The data below should be copied out exactly, with its pictures omitted.

■ Records to use
════════════════
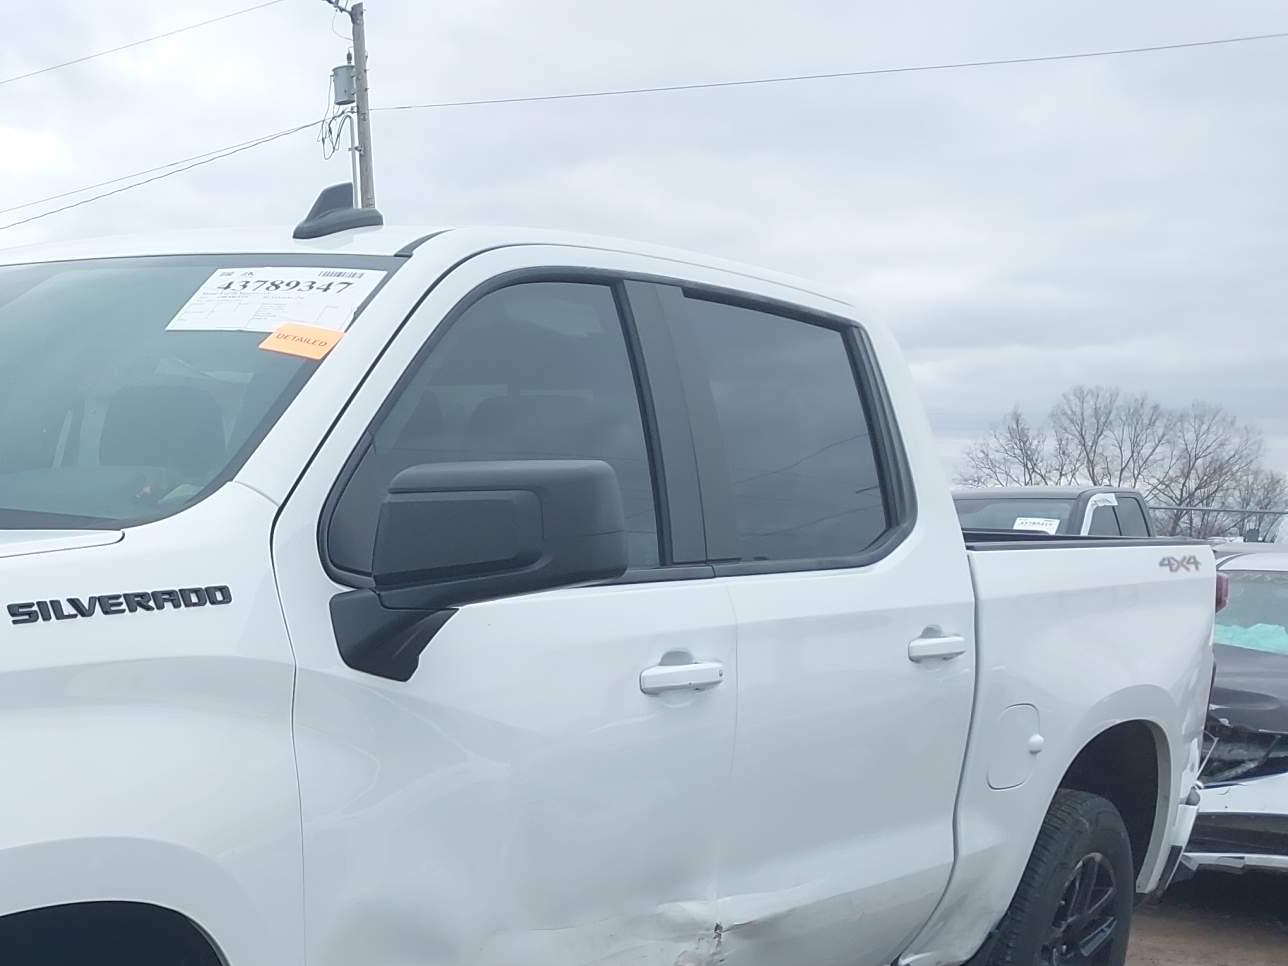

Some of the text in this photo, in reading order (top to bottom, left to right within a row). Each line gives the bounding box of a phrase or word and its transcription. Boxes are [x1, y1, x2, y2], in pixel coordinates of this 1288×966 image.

[217, 279, 353, 294] 43789347
[275, 332, 328, 348] DETAILED
[7, 585, 232, 625] SILVERADO
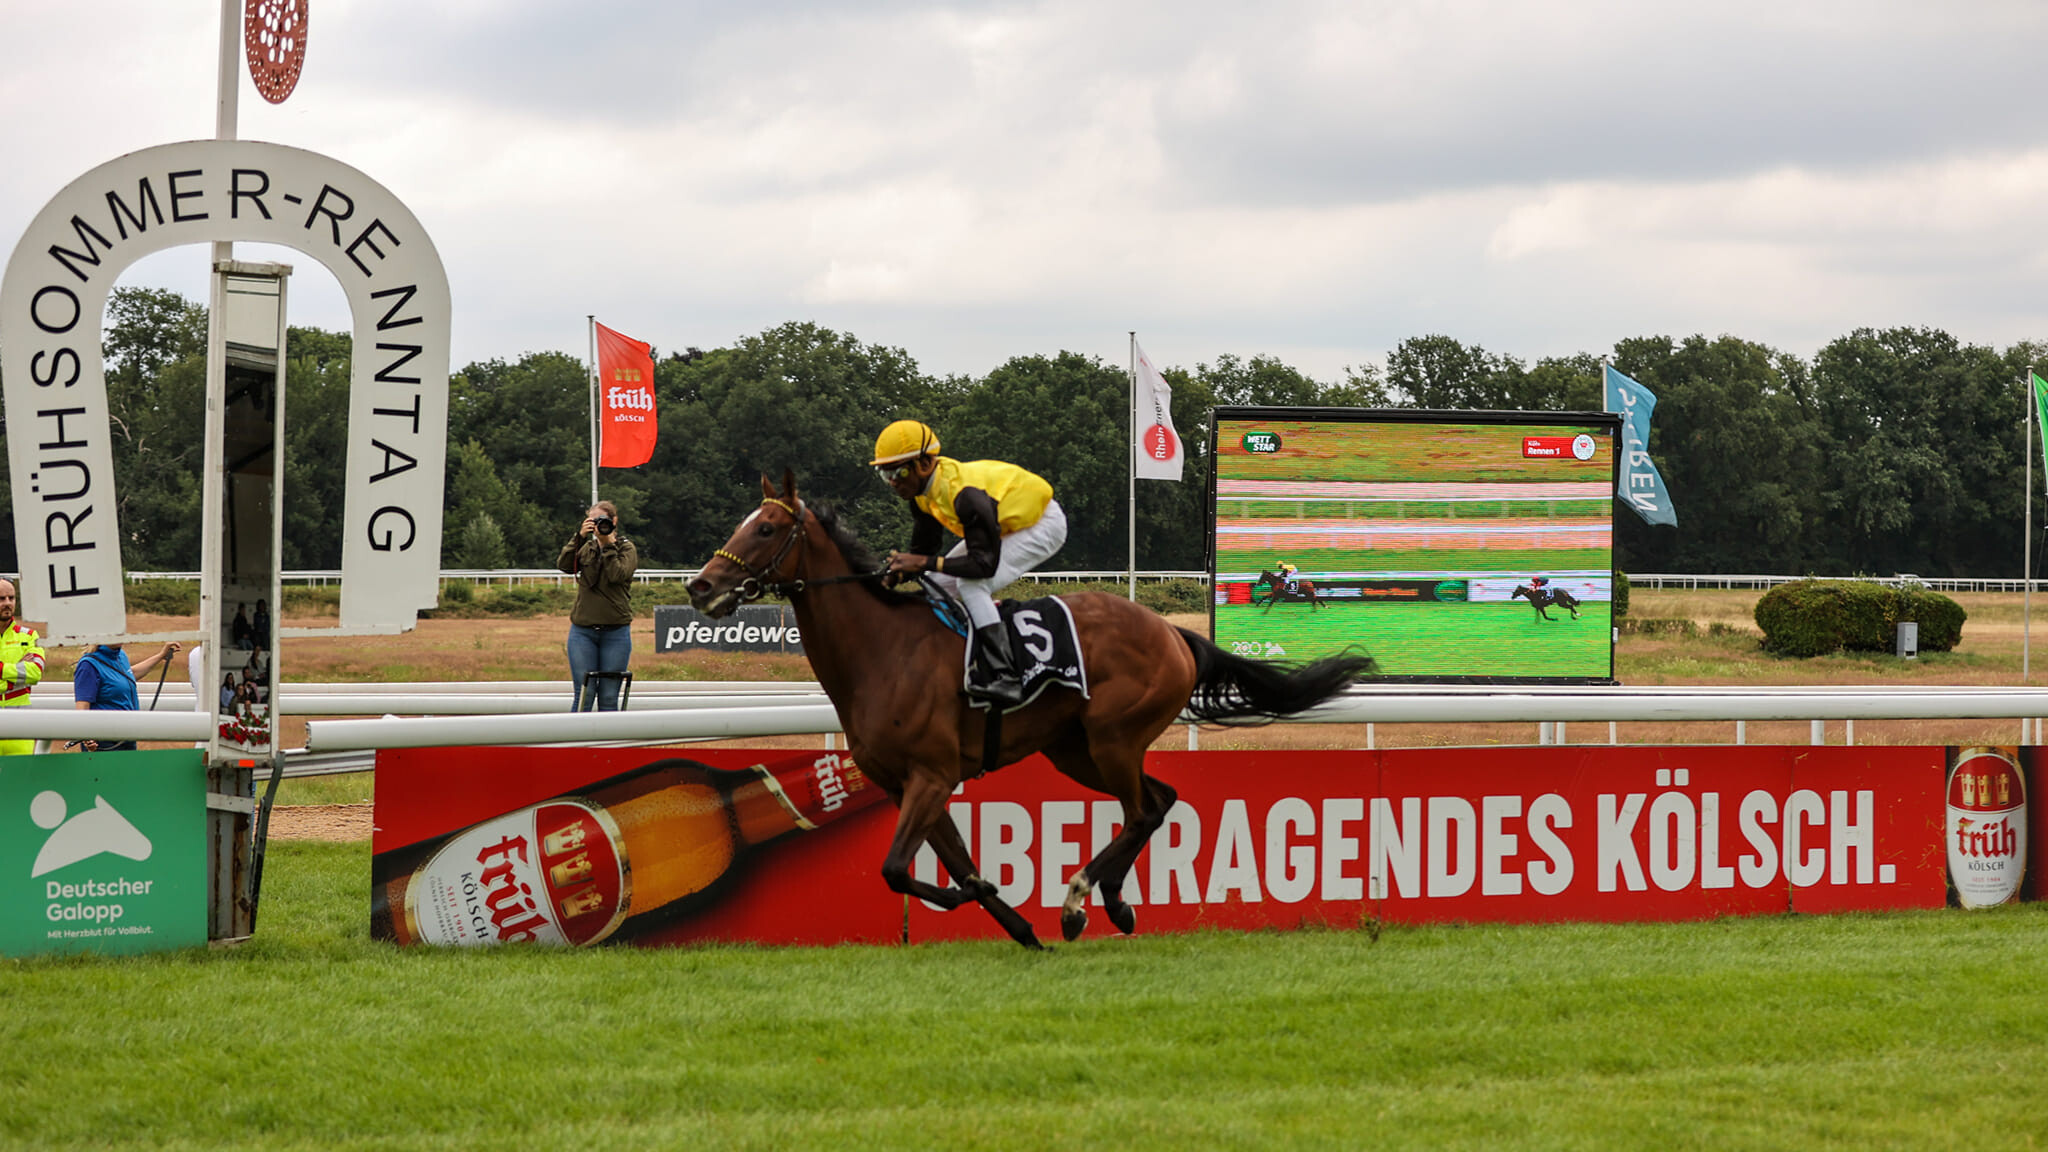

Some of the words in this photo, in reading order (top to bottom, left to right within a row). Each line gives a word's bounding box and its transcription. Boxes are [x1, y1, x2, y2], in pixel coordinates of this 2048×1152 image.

[606, 386, 653, 412] früh
[614, 413, 645, 422] KÖLSCH
[1247, 435, 1272, 443] WETT
[1253, 443, 1276, 452] STAR
[1527, 447, 1554, 455] Rennen
[1013, 609, 1054, 663] 5
[814, 754, 849, 812] früh
[1597, 768, 1896, 892] KÖLSCH.
[1956, 816, 2017, 860] früh
[1968, 860, 2005, 871] KÖLSCH
[46, 877, 153, 899] Deutscher
[446, 886, 458, 909] SEIT
[46, 902, 124, 924] Galopp
[460, 872, 489, 939] KÖLSCH
[47, 930, 62, 939] Mit
[63, 928, 102, 938] Herzblut
[103, 926, 116, 936] für
════════════════
■ Exercise output
Some of the text in this photo, in reading order (top to bottom, left to right within a row). Each line gives the bounding box of a phrase or word and its transcription. Boxes are [x1, y1, x2, y2], in pixel coordinates of this 1288×966 image.

[217, 279, 353, 294] 43789347
[275, 332, 328, 348] DETAILED
[7, 585, 232, 625] SILVERADO

Some of the words in this photo, in reading order (top to bottom, left to right within a row). Each line gives a word's bounding box and its transcription. Boxes are [x1, y1, x2, y2], in pixel coordinates of this 2048×1152 image.

[606, 386, 653, 412] früh
[614, 413, 645, 422] KÖLSCH
[1247, 435, 1272, 443] WETT
[1253, 443, 1276, 452] STAR
[1527, 447, 1554, 455] Rennen
[1013, 609, 1054, 663] 5
[814, 754, 849, 812] früh
[1597, 768, 1896, 892] KÖLSCH.
[1956, 816, 2017, 860] früh
[1968, 860, 2005, 871] KÖLSCH
[46, 877, 153, 899] Deutscher
[446, 886, 458, 909] SEIT
[46, 902, 124, 924] Galopp
[460, 872, 489, 939] KÖLSCH
[47, 930, 62, 939] Mit
[63, 928, 102, 938] Herzblut
[103, 926, 116, 936] für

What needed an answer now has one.